Yes, you heard that correctly. Cart. In a gas station.

“Yes,” I said. “But I’ve also only ever bought what I needed. Like a bottle of water. Something to eat. Never junk.”

I looked at the cart with a raised brow so she would get my meaning.

She flipped me off, then paused next to a rack of spices.

Spices.

At a fuckin’ gas station.

“What do you think the ‘everything’ tastes like?” she wondered.

I waited for her to add it to the cart. She did moments later.

“It probably tastes like salt and pepper combined that you could buy for about ten dollars cheaper at a grocery store,” I told her. “Are you going to get anything else?”

She looked to the other half of the store that we hadn’t even gotten to yet.

“Probably,” she admitted.

She was right.

Not only did she get more junk, but she also loaded up on food that she probably didn’t need this late at night.

“So why are you going to a prison tomorrow?” she asked, likely thinking I wouldn’t answer her.

So she’d overheard my conversation earlier. Interesting.

In that moment, though, I knew that I had a choice. I could either continue to keep her out of my life, and keep her safe but on the outside looking in. Or, I could let her in, show her my world, and hope that she stayed.

I wasn’t sure that the first option would ever work with her, to be honest.

Firstly, she wasn’t the type to ever allow me to just go to a prison and not ask questions. She would want to know why I was there, and what I was doing while I was. Not many people went to prisons just for the hell of it.
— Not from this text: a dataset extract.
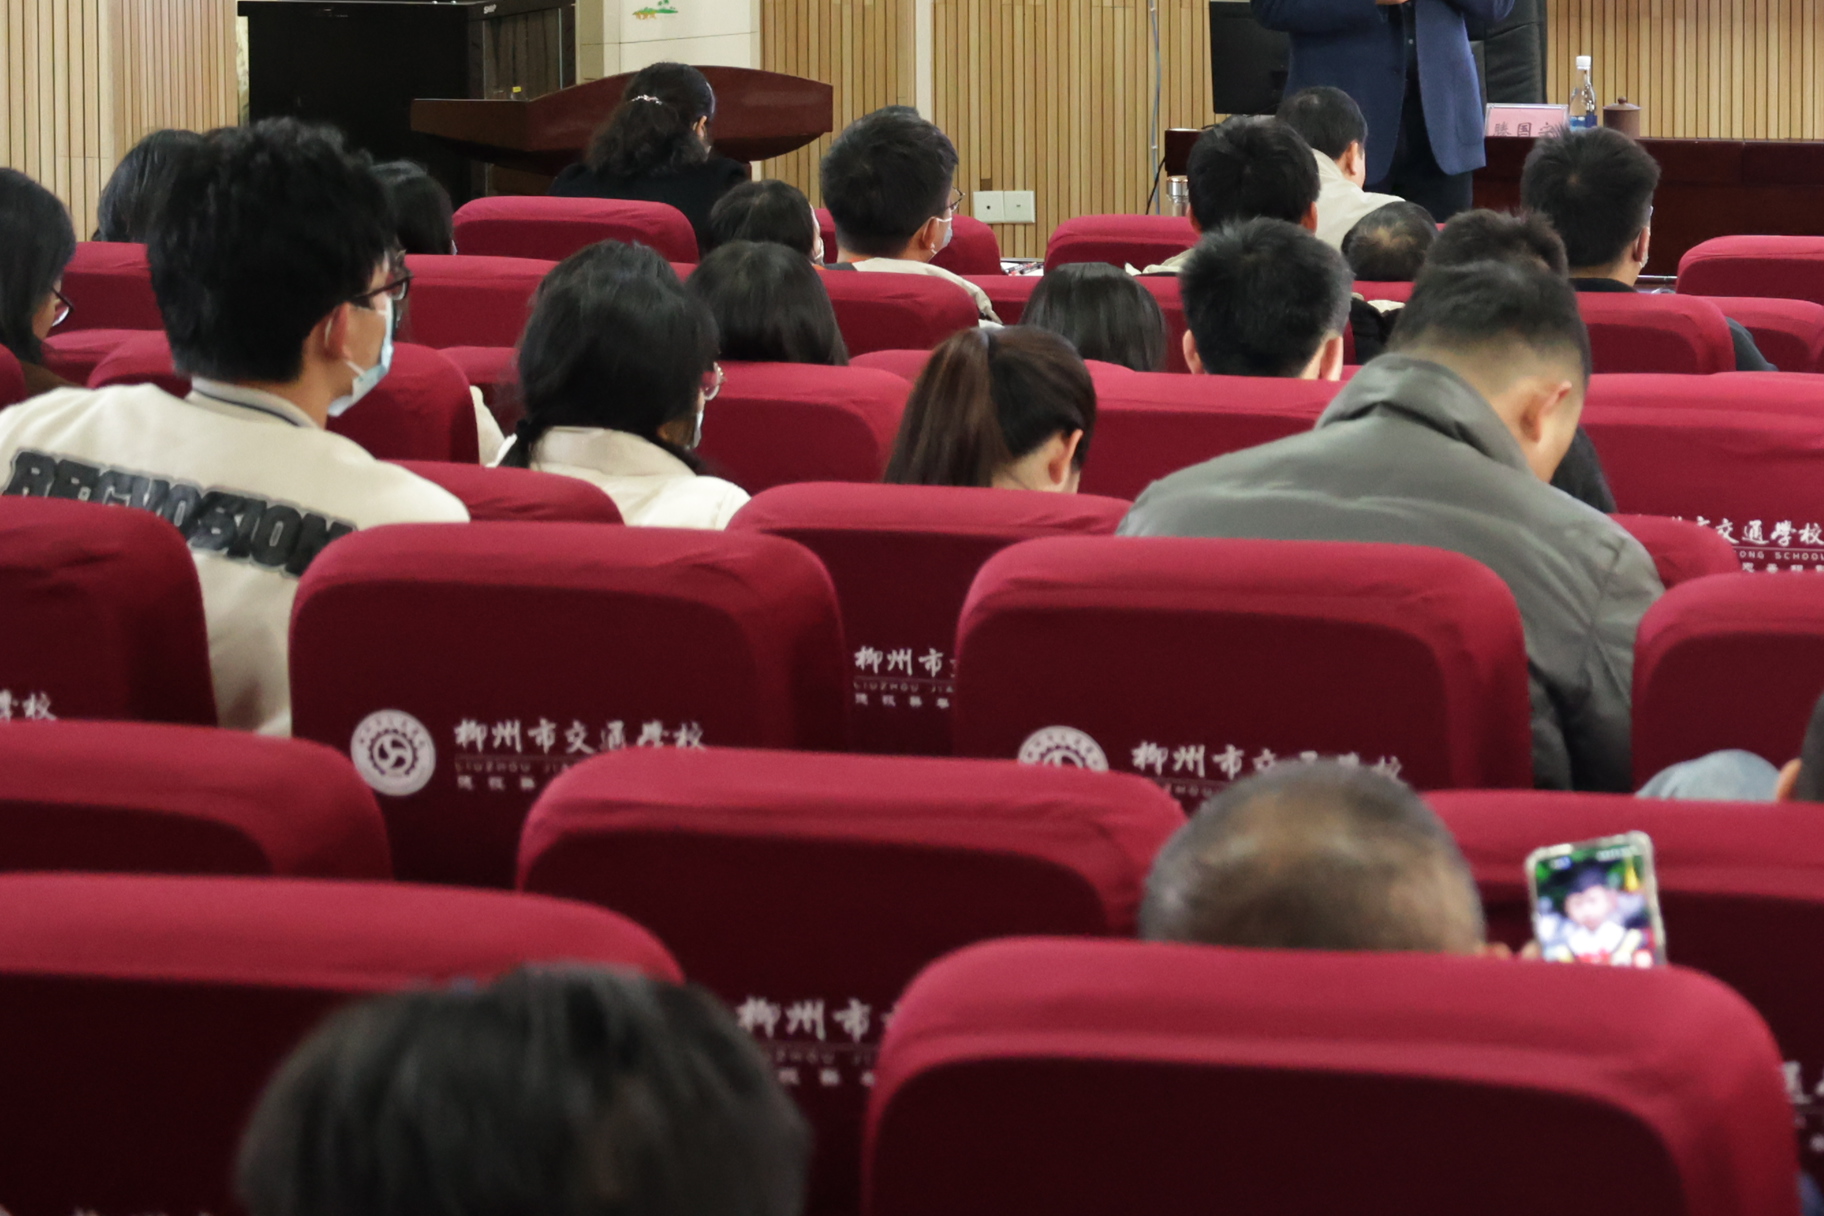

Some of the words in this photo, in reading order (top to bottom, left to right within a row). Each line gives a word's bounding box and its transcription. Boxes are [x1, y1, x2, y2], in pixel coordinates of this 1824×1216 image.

[854, 646, 957, 678] 柳州市
[736, 997, 892, 1043] 柳州市
Secondly, I wanted her to know what I was doing. I wanted her to know who I was.

“Can I tell you when we’re in the SUV?” I asked.

She looked at me skeptically. “You’re one of those people, aren’t you?” she asked as she blindly reached for a package of chocolate chip cookies.

She missed and hit a second into her cart.

I watched her eyes. “One of what people?”

“Those people that call a car a car. And a truck a truck. An SUV an SUV.” She shuddered.

My lips twitched hard.

“Ummm,” I hesitated. “Yeah.”

That was what they were…

“Gross,” she mumbled as she pushed the cart forward. “I was actually in here before I drove all the way to Dallas. I don’t need to go on the other side of the store. I’m more looking forward to what you have to say about this prison scheme.”

She said that so loud that the woman that was putting her stuff on the counter in front of us turned to look.

I looked at her blankly, and she shivered, turning away just as quickly.

When Six suddenly stopped talking, I looked down at her.

“What?” I rumbled quietly.

“You just stared that woman down,” she whispered, again so loud that the woman heard.

“She needed to mind her own damn business,” I grumbled darkly.

Six widened her eyes at me, gesturing with her head toward the woman that was now standing so far away that the cashier had to reach over everything to get her card and put it into the credit card machine for her.